La luz de la tarde invadía apenas una fracción de la oscuridad en la que estaba sumido el callejón. De vez en cuando, el sonido de un paso cercano resonaba y Valda volvía la vista hacia la entrada del pasadizo, temiendo encontrarse con la figura de un guardia de la ciudad. Agradeció que aún faltaba una semana antes que los soldados de su unidad ocuparan el puesto. Estaba muy tensa, rígida, las manos convertidas en puños y los ojos puestos en una sola dirección, esforzándose por mantenerse inmóviles.

Egroot parecía ser un hombre de pocas palabras: se limitó a asentir ante la pregunta y se hizo a un lado mientras abría la puerta.

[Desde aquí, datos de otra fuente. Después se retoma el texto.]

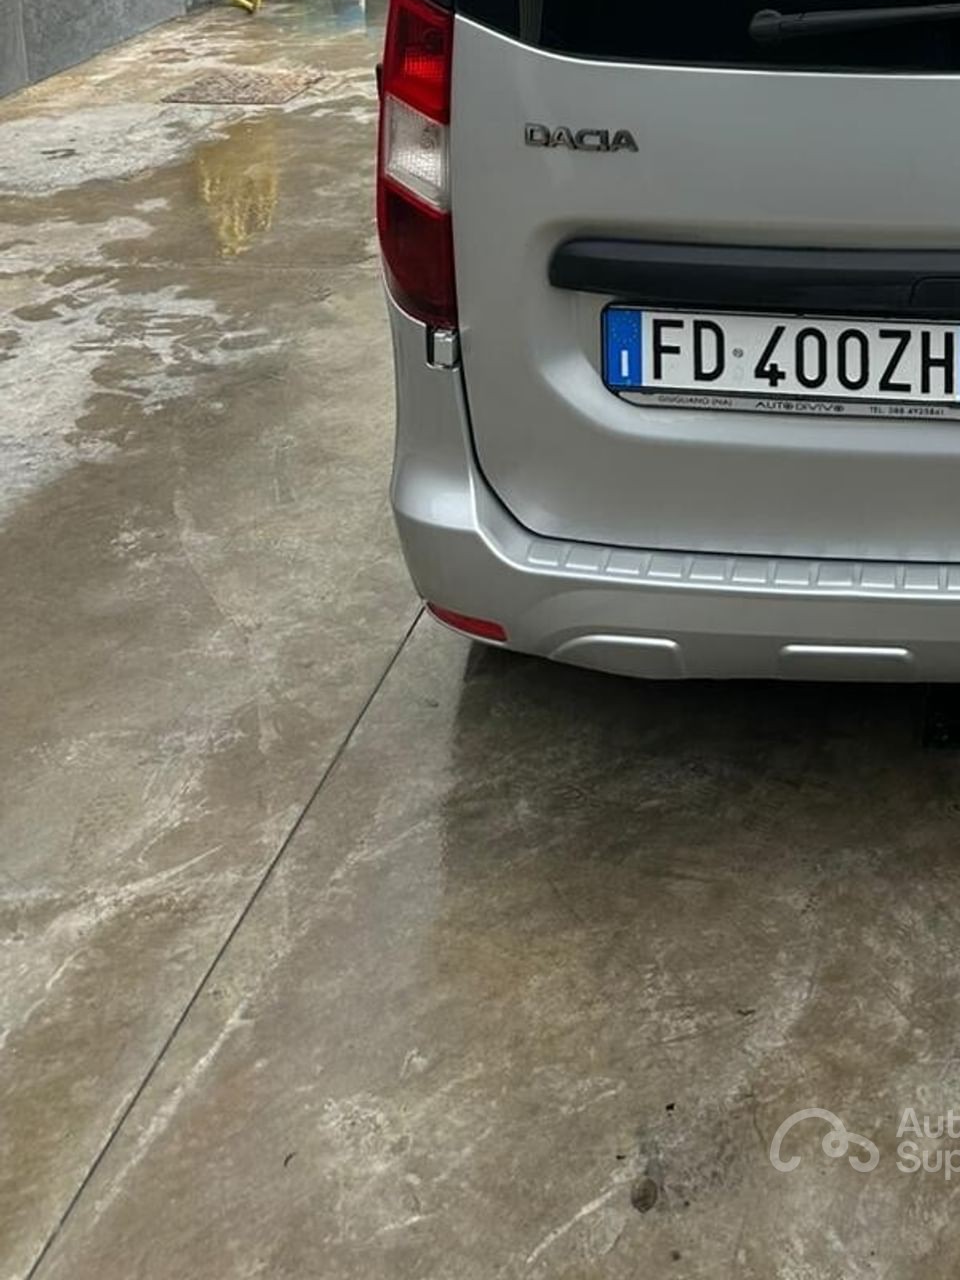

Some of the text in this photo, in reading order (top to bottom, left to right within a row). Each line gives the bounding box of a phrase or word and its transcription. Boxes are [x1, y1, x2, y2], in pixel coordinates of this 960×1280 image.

[525, 122, 639, 152] DACIA
[652, 319, 954, 394] FD 400ZH

Los ecos de risas y voces se escuchaban, amortiguados, desde las descendentes escaleras; desde allí también llegaban el aroma del tabaco y de la cerveza derramada en el suelo de piedra.

Cada escalón que descendía le hacía latir el corazón más rápido. ¿Qué era lo que pretendía con exactitud? Necesitaba aliviar la carga que ahora caía sobre sus hombros y Gregald era el único en el que podía confiar. ¿Pero cómo reaccionaría al saber lo que Valda iba a contarle? La última pregunta era la que más vueltas le daba alrededor de la cabeza. ¿Creería todo lo que le diría? ¿La tomaría por una loca?

Llegó hasta el salón subterráneo. Las antorchas teñían de anaranjado el lugar y murallas de humo rodeaban a todos. Valda buscó entre la multitud y acabó encontrando a Gregald bebiendo con tres miembros de la unidad. Hizo crujir las articulaciones de sus dedos, para liberarse de la tensión, y avanzó hacia la mesa; quienes ahí se hallaban pronto notaron que se acercaba.

—Capitana —saludó Kerdra, una de las pocas mujeres que formaban parte de la Unidad Catorce, y, en ese momento, de los pocos que aún podían articular palabras entendibles—. ¿Bebe con nosotros?

Valda no respondió, mantuvo un intercambio de miradas con Gregald. El versado hombre casi podía leer en sus ojos, adivinó que algo pasaba y ordenó al resto retirarse, dejándolo solo con la Campeona de Tendrazk.

—¿Qué? —preguntó, preocupado.

Aquella había sido la misma pregunta que Valda le hizo al príncipe, al heredero al trono de Tendrazk, cuando lo descubrió escondido en la boca de un callejón, tratando de evadir a la guardia de la ciudad. Verenald III de la casa Garrhen, a sus quince años, era tan delgado como una jovencita de la nobleza, quizás hasta más, poseyendo un aura de delicadeza de etéreas proporciones. Las ropas, desgarradas, sucias, junto a sus facciones maltratadas por la intemperie y la desesperanza, hacían de él un espectáculo que ponía de cabeza todo el espíritu de la realeza tendrazkna. Los reyes de las tierras de los aknurs debían ser un epítome de fuerza y sabiduría; y Valda tenía ante ella a un chico que parecía estar a punto de mearse.